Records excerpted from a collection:
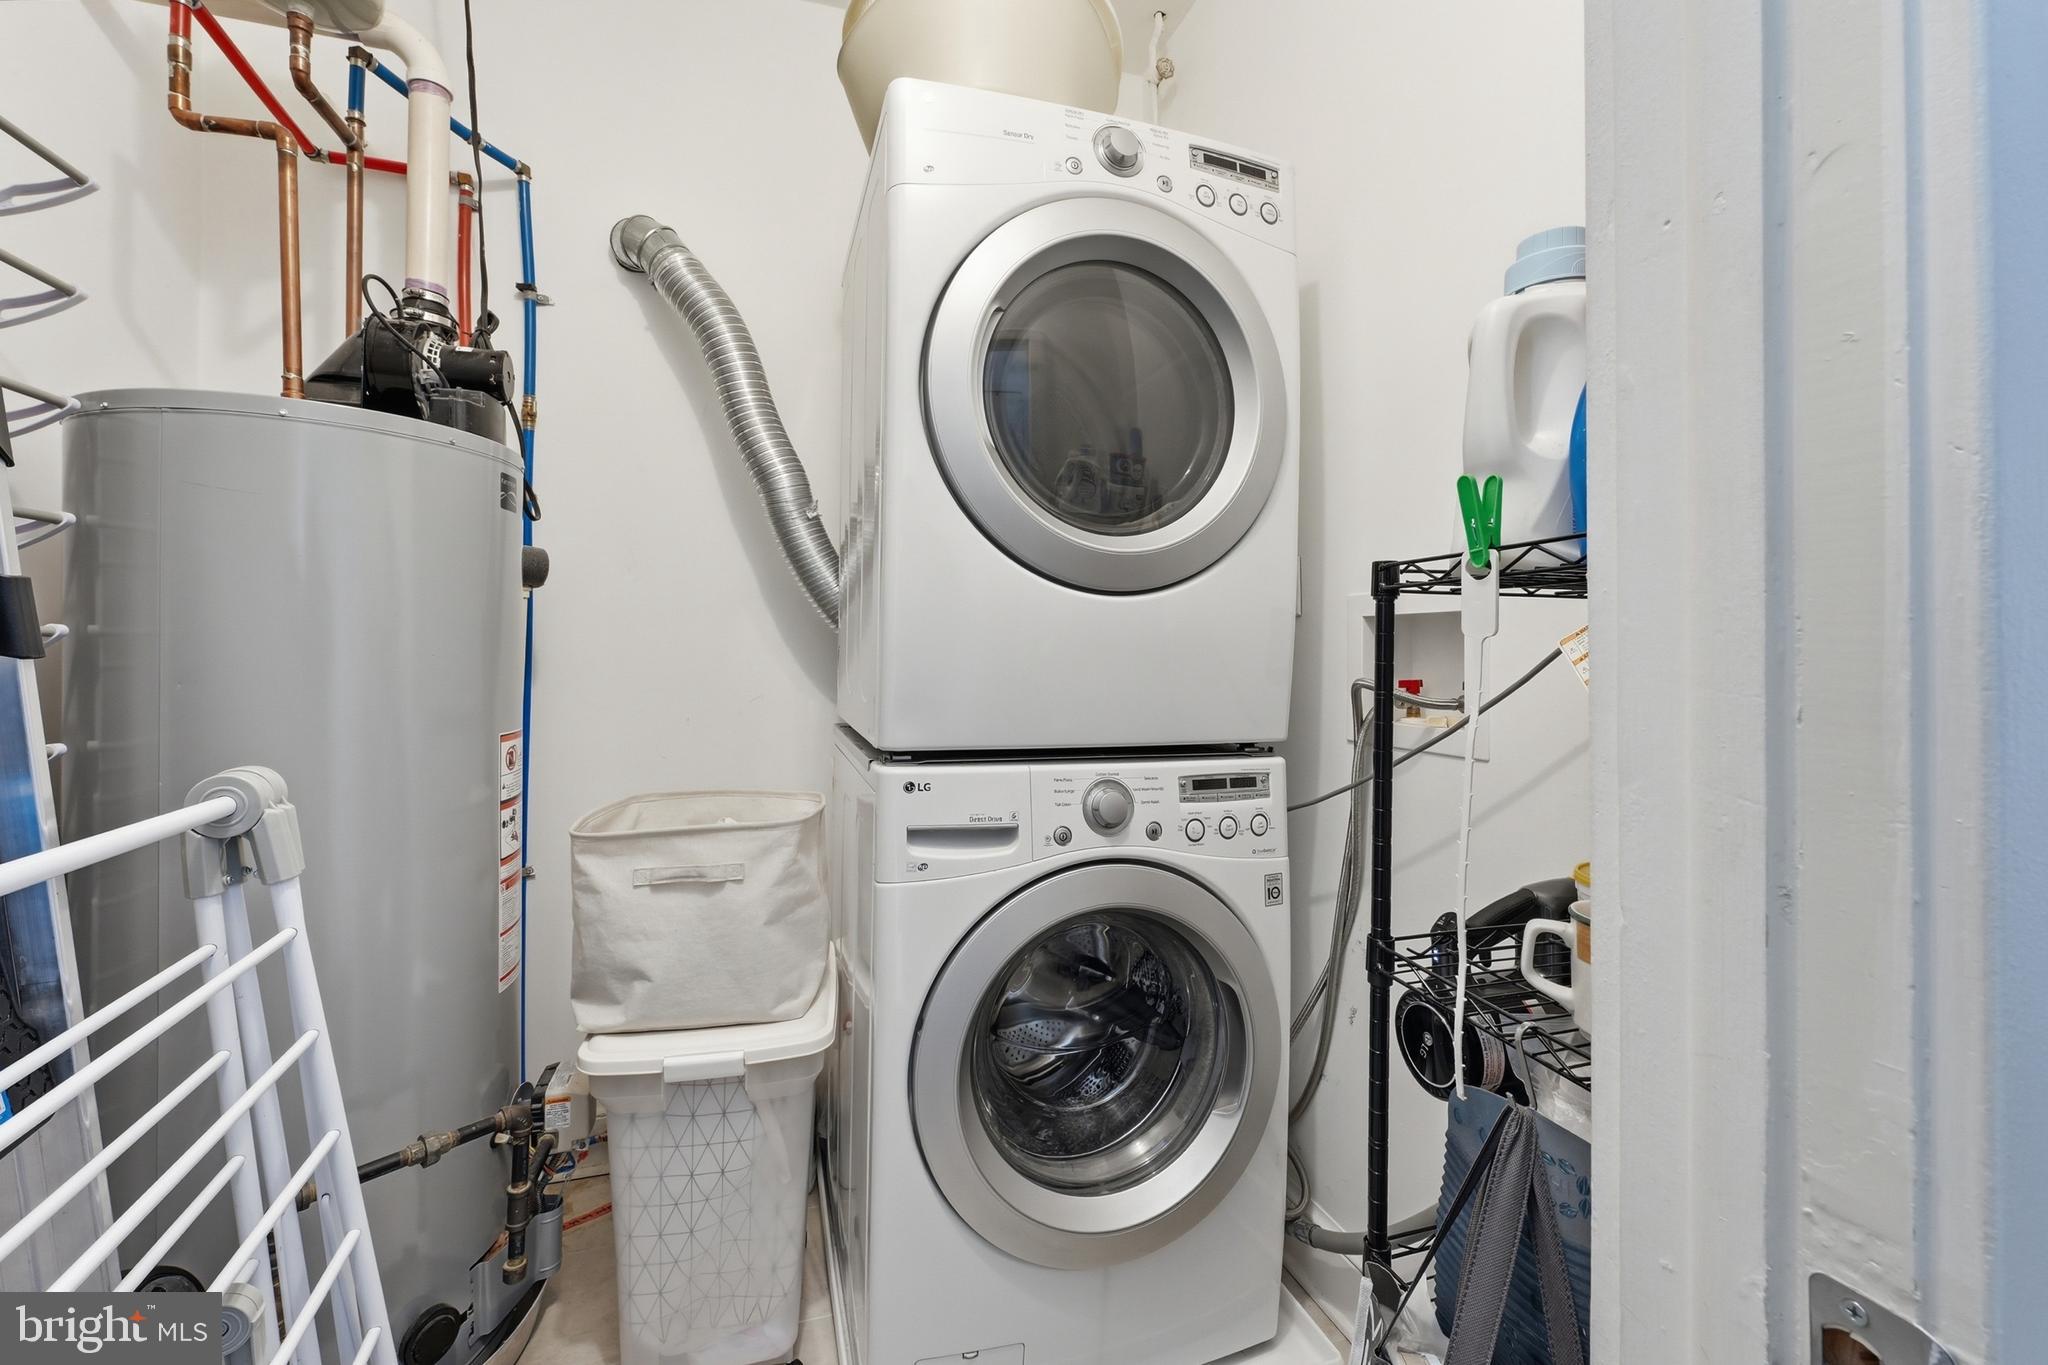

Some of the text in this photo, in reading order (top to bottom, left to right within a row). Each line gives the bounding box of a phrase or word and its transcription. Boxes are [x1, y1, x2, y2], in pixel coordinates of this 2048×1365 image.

[1002, 129, 1035, 142] Sensor Dry
[917, 782, 931, 792] LG
[987, 815, 1003, 823] Drive
[1419, 1043, 1429, 1058] LG

- _Task prompt_:
Pictures aside, repeat every line of the data above exactly.

- _Answer to this task_:
Some of the text in this photo, in reading order (top to bottom, left to right within a row). Each line gives the bounding box of a phrase or word and its transcription. Boxes are [x1, y1, x2, y2], in pixel coordinates of this 2048×1365 image.

[1002, 129, 1035, 142] Sensor Dry
[917, 782, 931, 792] LG
[987, 815, 1003, 823] Drive
[1419, 1043, 1429, 1058] LG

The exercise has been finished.